According to Eurostat, the official statistical agency of the European Union (EU), as of the end of the second quarter of this year, Germany's House Price Index (HPI) stood at 153.27, down 10.0% from 170.14 in the same period last year. During this period, the HPI for the entire EU region decreased by only 1%. Germany's HPI has declined every quarter since the second quarter of last year.
The continuous decline in German housing prices is the result of a combination of factors, including demand deterioration due to steep interest rate hikes and rising raw material prices. The long boom driven by ultra-low interest rates following the 2008 global financial crisis came to an end last year with the European Central Bank's (ECB) shift to tightening. Since July last year, the ECB has raised its key interest rate 10 consecutive times, causing mortgage rates in Germany to soar rapidly, leading to simultaneous declines in housing prices and transactions.
The overlap of high financial costs and rising raw material prices has increasingly caused construction projects to be delayed or canceled. Germany's raw material prices have surged more than 40% compared to pre-pandemic levels due to supply chain disruptions and geopolitical crises. A British media outlet noted, "Housing and commercial real estate development projects are being canceled one after another, and construction companies are being pushed to the brink of bankruptcy," adding, "With many construction firms going bankrupt, it is becoming difficult for the German government to achieve its annual new supply target of 400,000 units."
According to the Ifo Institute, a leading German think tank, one in five (22.2%) new housing construction projects was canceled last month.

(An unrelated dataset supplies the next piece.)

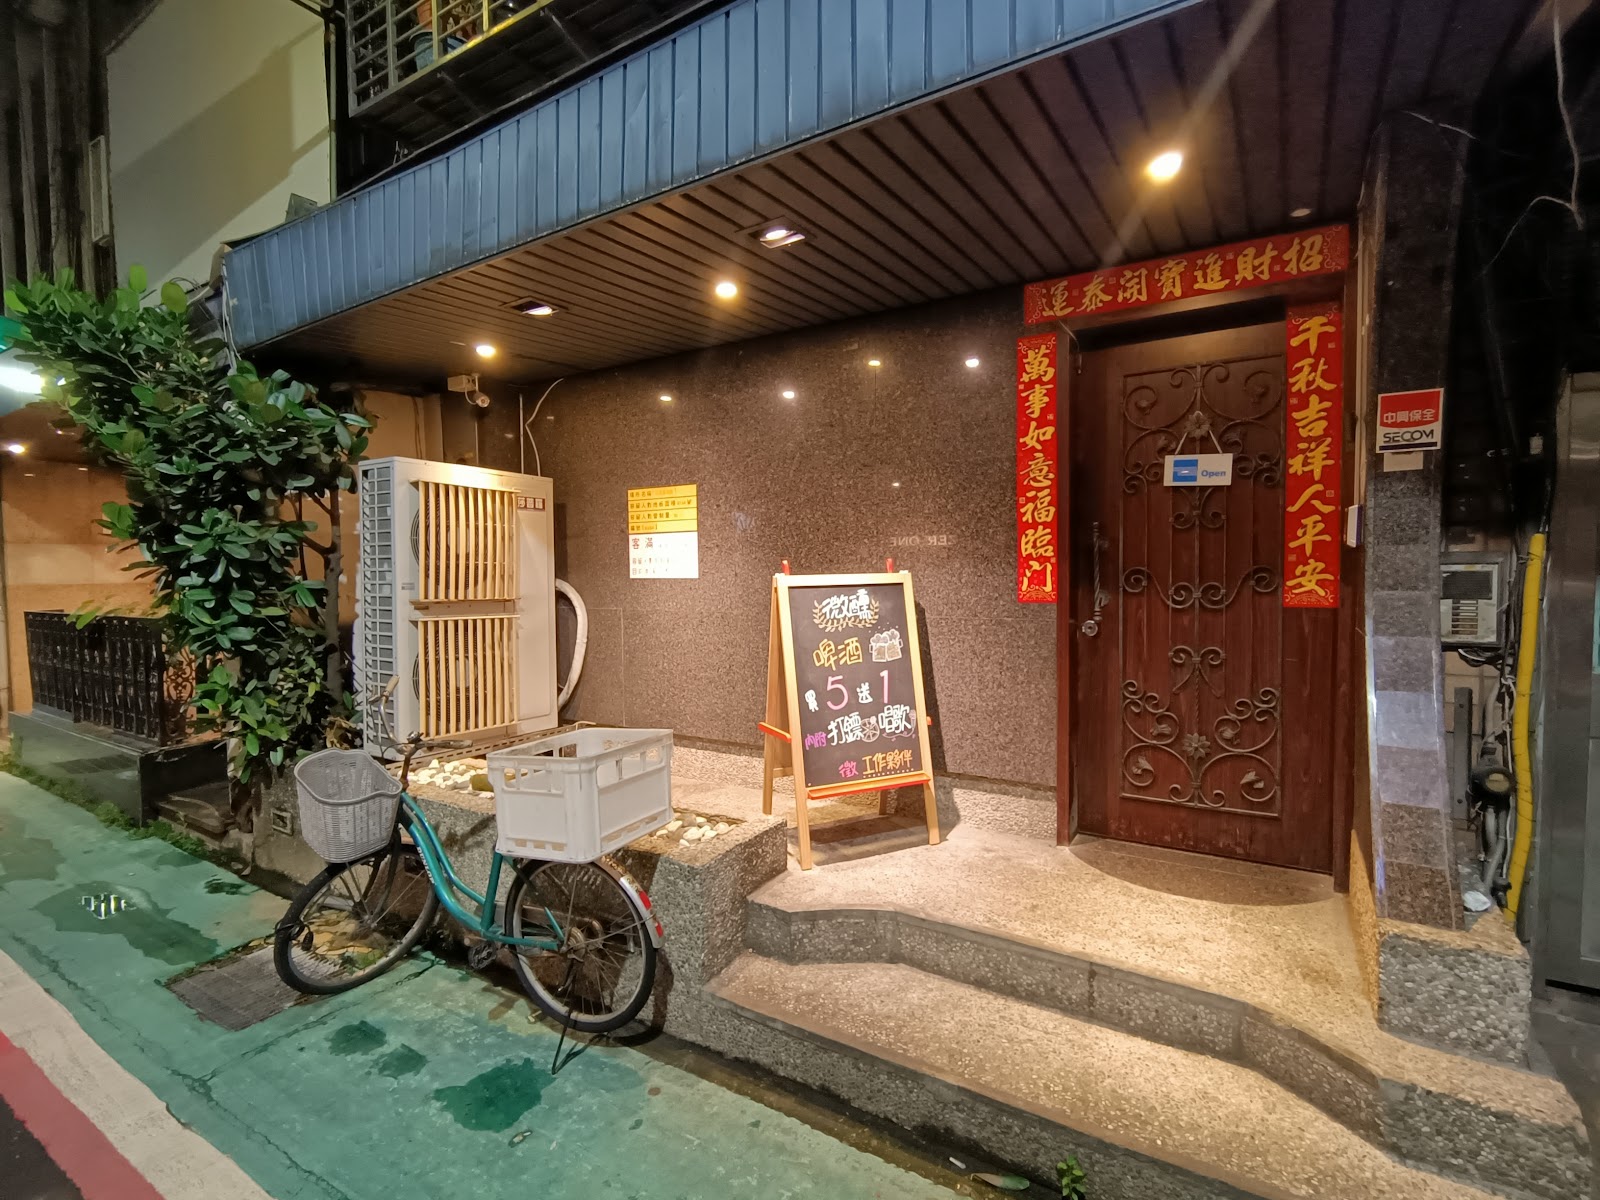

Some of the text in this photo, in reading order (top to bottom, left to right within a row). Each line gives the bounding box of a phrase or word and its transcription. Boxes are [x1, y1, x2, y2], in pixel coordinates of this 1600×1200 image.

This is the worst performance in 32 years since related statistics began in 1991. Klaus Walleib, an Ifo analyst, pointed out, "Construction companies are suffering from a drought in orders," adding, "The situation is worsening."
The German government hastily introduced stimulus measures to prevent a hard landing in the real estate market, but the industry views achieving these goals as difficult due to excessive bureaucracy and other factors. Wolfgang Schubert-Lav, Executive Director of the German Construction Federation (ZDB), bluntly stated, "The housing market, which was booming just two years ago, is now facing a complete collapse crisis." Gereon Frauenrat, CEO of the construction company Frauenrat, warned, "A perfect storm is approaching the German real estate market."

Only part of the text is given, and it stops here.